● WHAT NEEDS TO BE DONE:
Return all entries word for word, but drop any images.

___

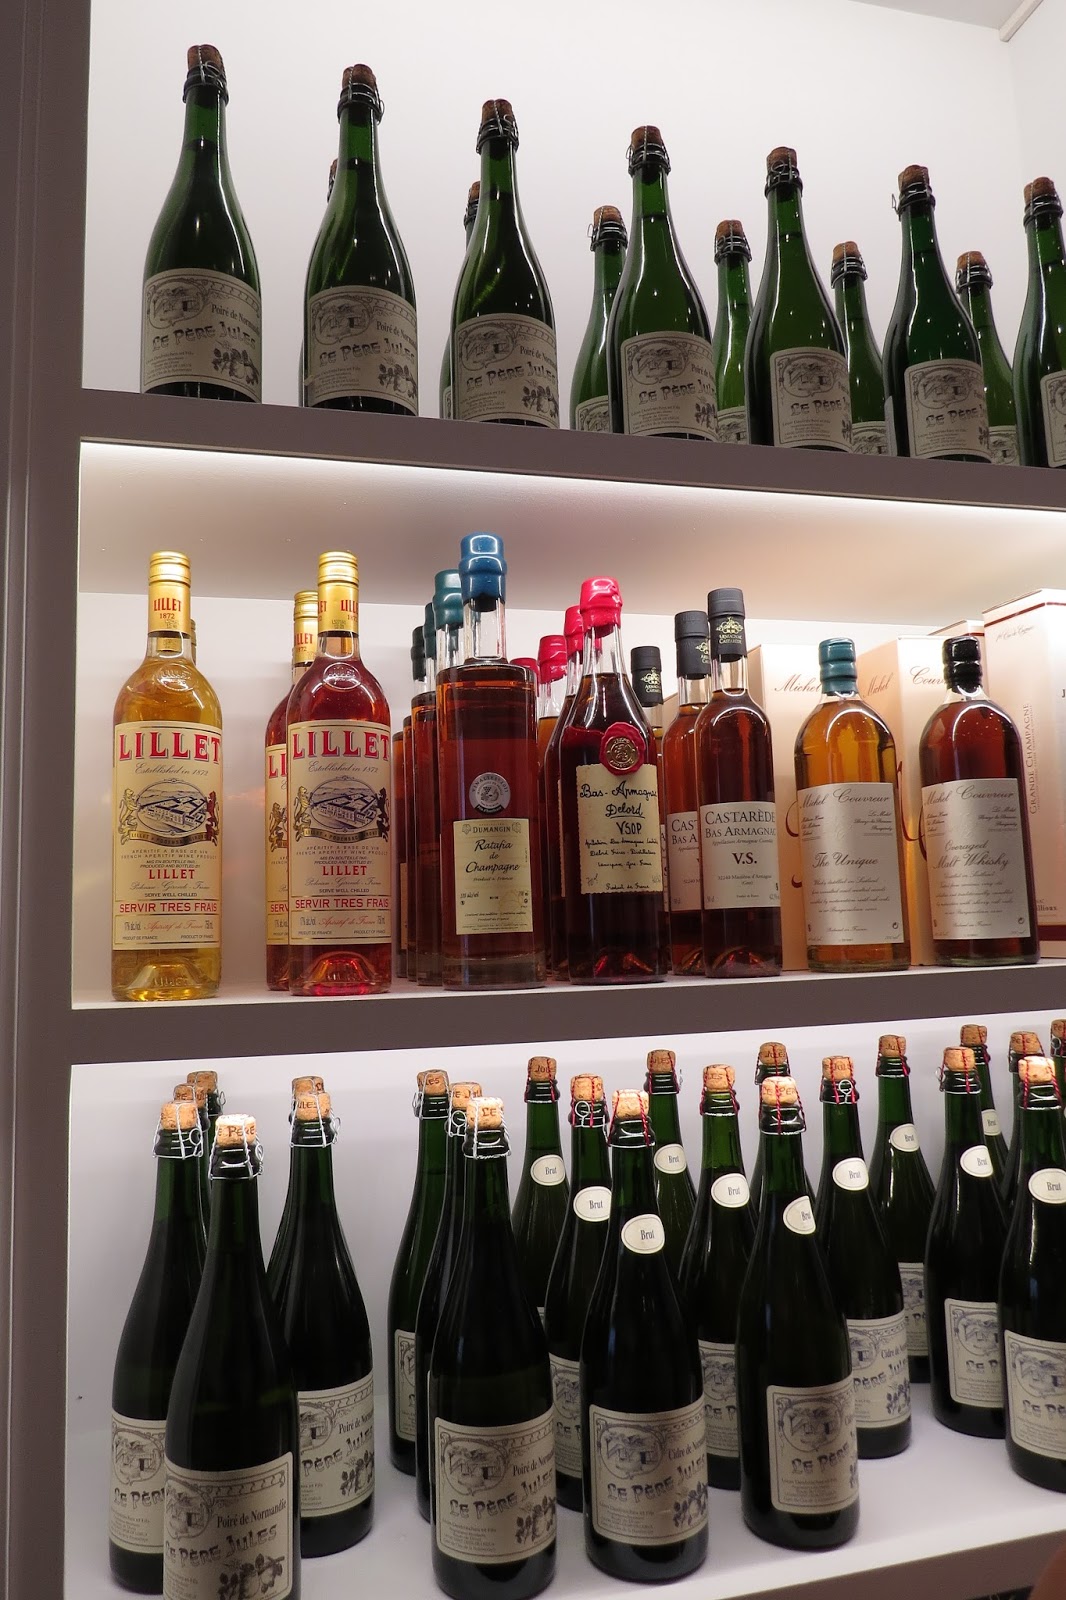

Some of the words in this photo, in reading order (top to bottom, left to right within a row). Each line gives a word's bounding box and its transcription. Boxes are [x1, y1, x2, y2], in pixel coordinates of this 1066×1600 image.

[154, 598, 182, 612] LILLET
[119, 731, 220, 765] LILLET
[293, 730, 389, 761] LILLET
[135, 762, 183, 775] Established
[192, 768, 209, 776] 1872
[308, 761, 351, 773] Established
[801, 793, 829, 809] Michel
[833, 788, 890, 803] Couvreur
[956, 785, 1014, 800] Couvreur
[605, 802, 644, 817] Delord
[705, 808, 775, 825] CASTARÈDE
[473, 826, 511, 834] DUMANGIN
[705, 828, 722, 838] BAS
[724, 826, 776, 837] ARMAGNAC
[474, 839, 514, 852] Ratafia
[489, 852, 500, 860] de
[732, 851, 758, 865] V.S.
[813, 852, 830, 868] The
[832, 852, 879, 868] Unique
[962, 851, 1009, 871] Whisky
[322, 865, 367, 876] LILLET
[465, 861, 520, 874] Champagne
[149, 868, 195, 880] LILLET
[119, 903, 156, 913] SERVIR
[160, 902, 191, 912] TRES
[194, 902, 217, 912] FRAIS
[271, 903, 288, 913] SERV
[295, 899, 330, 909] SERVIR
[333, 898, 364, 908] TRES
[366, 898, 389, 908] FRAIS
[668, 1155, 680, 1163] Brut
[546, 1166, 557, 1174] Brut
[728, 1187, 741, 1196] Brut
[1047, 1181, 1061, 1191] Brut
[589, 1200, 604, 1209] Brut
[640, 1230, 655, 1240] Brut
[217, 1513, 239, 1528] Poiré
[250, 1499, 287, 1522] Normandie

___

● WRITTEN ANSWER:
Some of the words in this photo, in reading order (top to bottom, left to right within a row). Each line gives a word's bounding box and its transcription. Boxes are [x1, y1, x2, y2], in pixel coordinates of this 1066×1600 image.

[154, 598, 182, 612] LILLET
[119, 731, 220, 765] LILLET
[293, 730, 389, 761] LILLET
[135, 762, 183, 775] Established
[192, 768, 209, 776] 1872
[308, 761, 351, 773] Established
[801, 793, 829, 809] Michel
[833, 788, 890, 803] Couvreur
[956, 785, 1014, 800] Couvreur
[605, 802, 644, 817] Delord
[705, 808, 775, 825] CASTARÈDE
[473, 826, 511, 834] DUMANGIN
[705, 828, 722, 838] BAS
[724, 826, 776, 837] ARMAGNAC
[474, 839, 514, 852] Ratafia
[489, 852, 500, 860] de
[732, 851, 758, 865] V.S.
[813, 852, 830, 868] The
[832, 852, 879, 868] Unique
[962, 851, 1009, 871] Whisky
[322, 865, 367, 876] LILLET
[465, 861, 520, 874] Champagne
[149, 868, 195, 880] LILLET
[119, 903, 156, 913] SERVIR
[160, 902, 191, 912] TRES
[194, 902, 217, 912] FRAIS
[271, 903, 288, 913] SERV
[295, 899, 330, 909] SERVIR
[333, 898, 364, 908] TRES
[366, 898, 389, 908] FRAIS
[668, 1155, 680, 1163] Brut
[546, 1166, 557, 1174] Brut
[728, 1187, 741, 1196] Brut
[1047, 1181, 1061, 1191] Brut
[589, 1200, 604, 1209] Brut
[640, 1230, 655, 1240] Brut
[217, 1513, 239, 1528] Poiré
[250, 1499, 287, 1522] Normandie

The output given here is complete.